Prompt notice by the cardholder to the credit card company of the loss or theft of his
card should be enough to relieve the former of any liability occasioned by the
unauthorized use of his lost or stolen card. The questioned stipulation in this case,
which still requires the cardholder to wait until the credit card company has notified all
its member-establishments, puts the cardholder at the mercy of the credit card company
which may delay indefinitely the notification of its members to minimize if not to
eliminate the possibility of incurring any loss from unauthorized purchases. Or, as in this
case, the credit card company may for some reason fail to promptly notify its members
through absolutely no fault of the cardholder. To require the cardholder to still pay for
unauthorized purchases after he has given prompt notice of the loss or theft of his card
to the credit card company would simply be unfair and unjust. The Court cannot give its
assent to such a stipulation which could clearly run against public policy.[17]

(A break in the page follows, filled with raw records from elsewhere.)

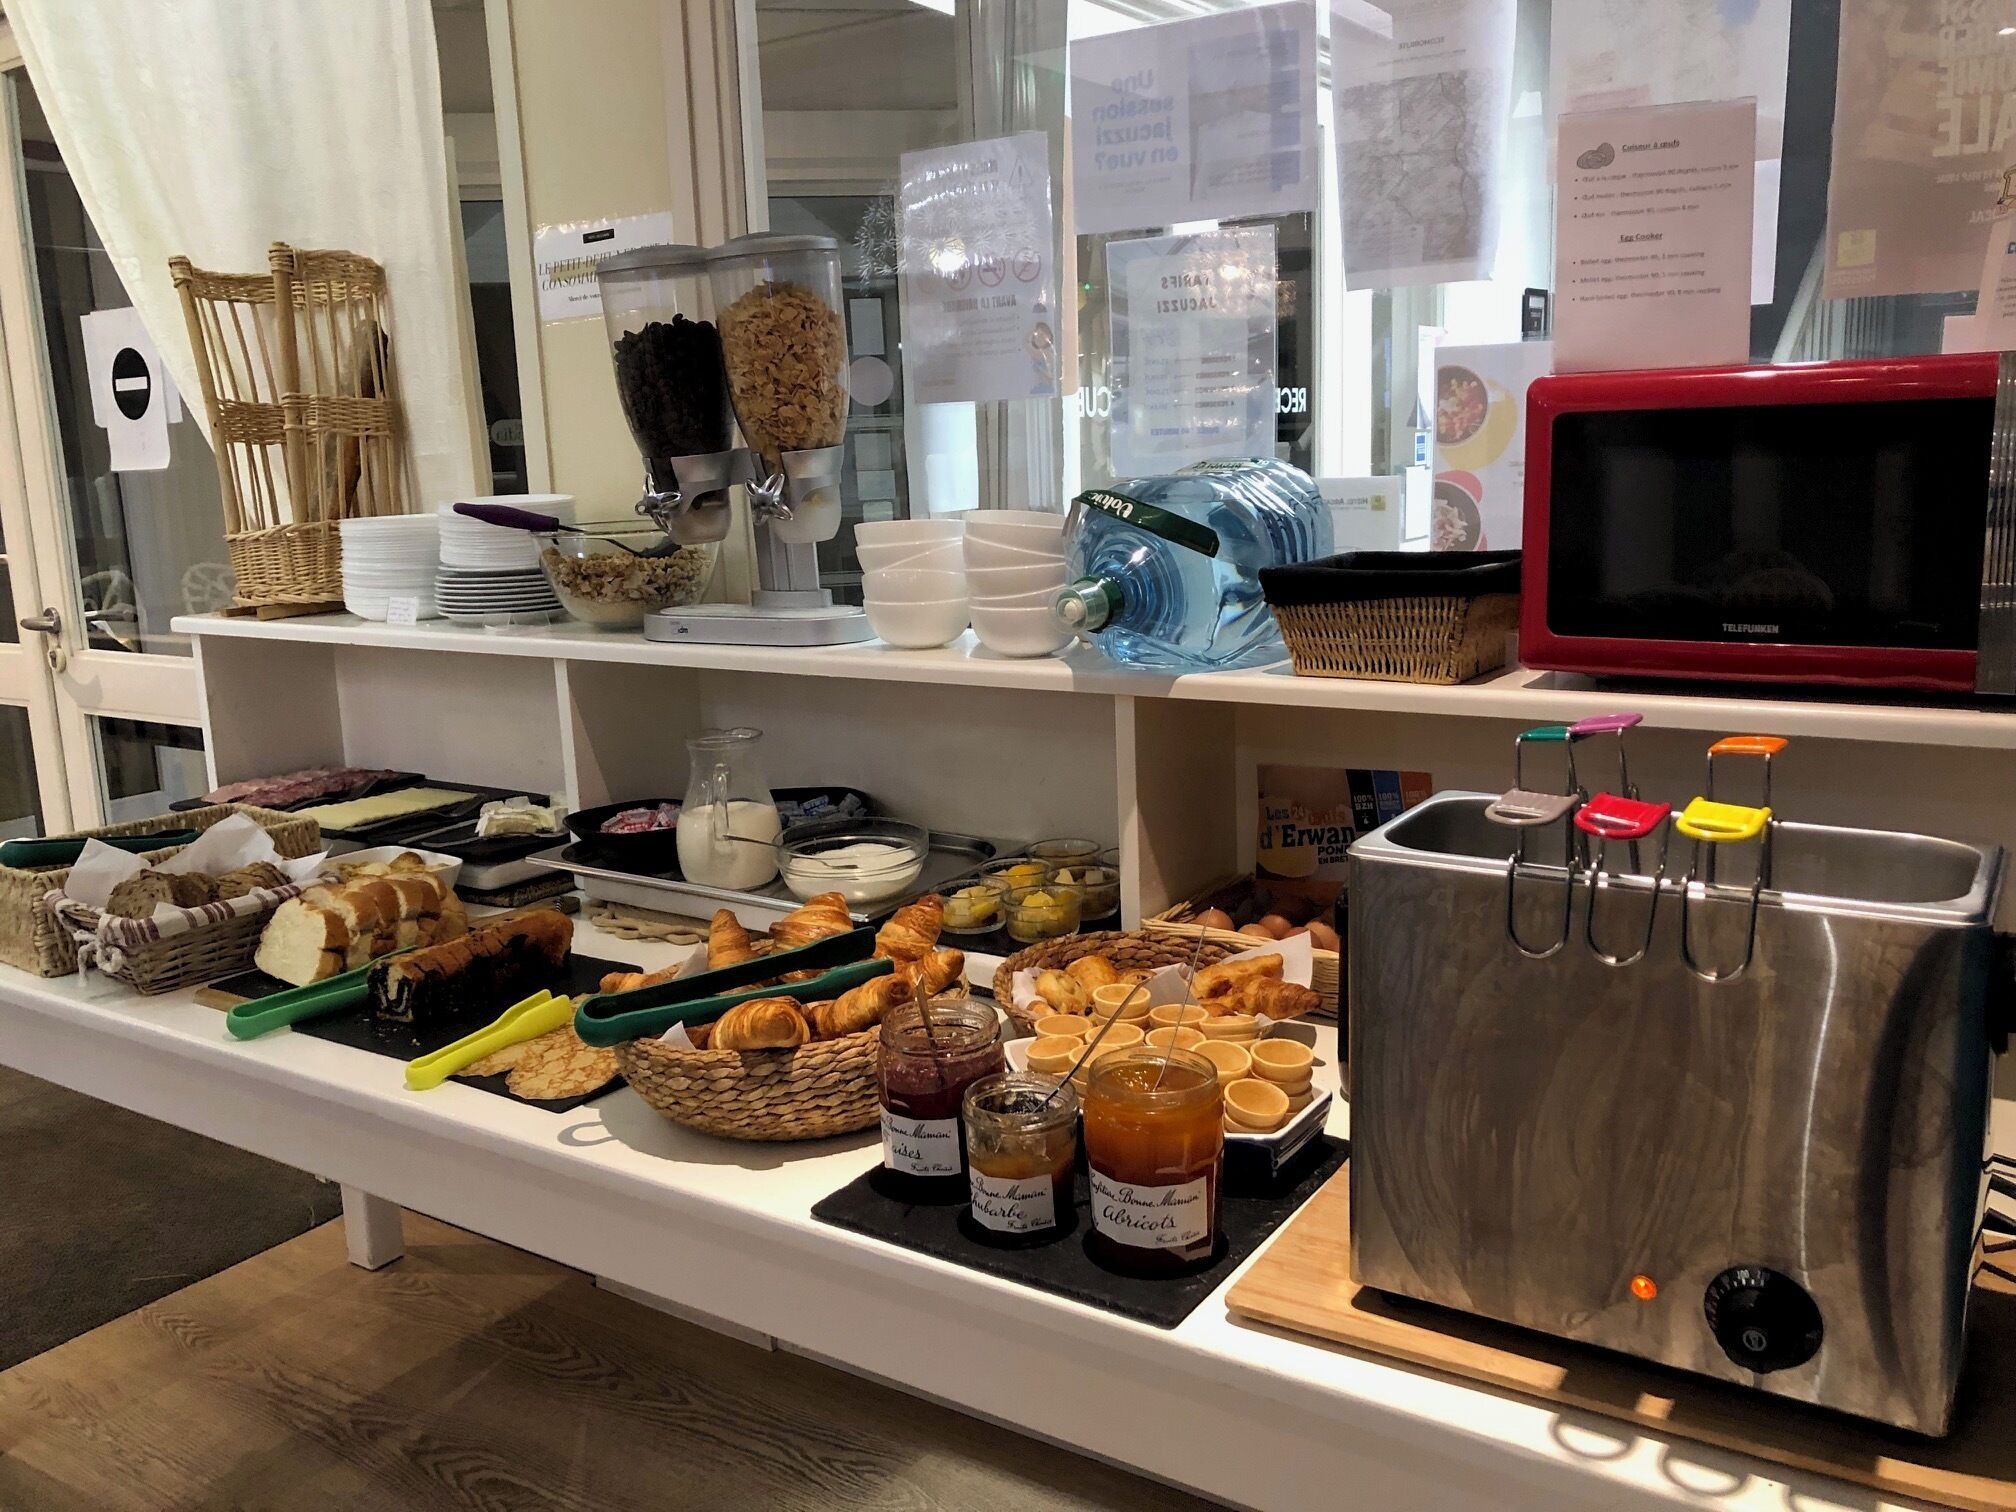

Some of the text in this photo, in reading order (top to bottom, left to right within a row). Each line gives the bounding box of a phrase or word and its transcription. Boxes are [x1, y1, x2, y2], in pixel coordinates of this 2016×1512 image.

[1620, 232, 1663, 243] Egg Cooker
[1088, 492, 1134, 519] Volvic
[1722, 623, 1780, 634] TELEFUNKEN
[1265, 806, 1290, 820] Les
[910, 1123, 952, 1139] Maman
[974, 1176, 1047, 1201] Bonne Maman
[1119, 1187, 1157, 1208] Bonne
[1157, 1188, 1200, 1207] Maman
[971, 1191, 1028, 1220] hubarbe
[1102, 1205, 1178, 1231] Abricots

On the matter of the damages petitioners are seeking, we must delete the award of
exemplary damages, absent any clear showing that BECC acted in a wanton,
fraudulent, reckless, oppressive, or malevolent manner, as required by Article 2232 of
the Civil Code. We likewise reduce the amount of moral damages to P50,000.00,
considering the circumstances of the parties to the case.
WHEREFORE, the decision of the Court of Appeals in CA-G.R. CV No. 47888 is
hereby REVERSED and the decision of the Regional Trial Court, Branch 157, Pasig
City in Civil Case No. 61375 is REINSTATED, with the MODIFICATION that the award
of exemplary damages in the amount of P50,000.00 is hereby deleted; and the amount

of moral damages is reduced to P50,000.00; but private respondent is further ordered to


pay P25,000 as attorneys fees and litigation expenses.
Costs against private respondents.
SO ORDERED.
Bellosillo (Chairman), Puno, Mendoza, and Buena, JJ., concur.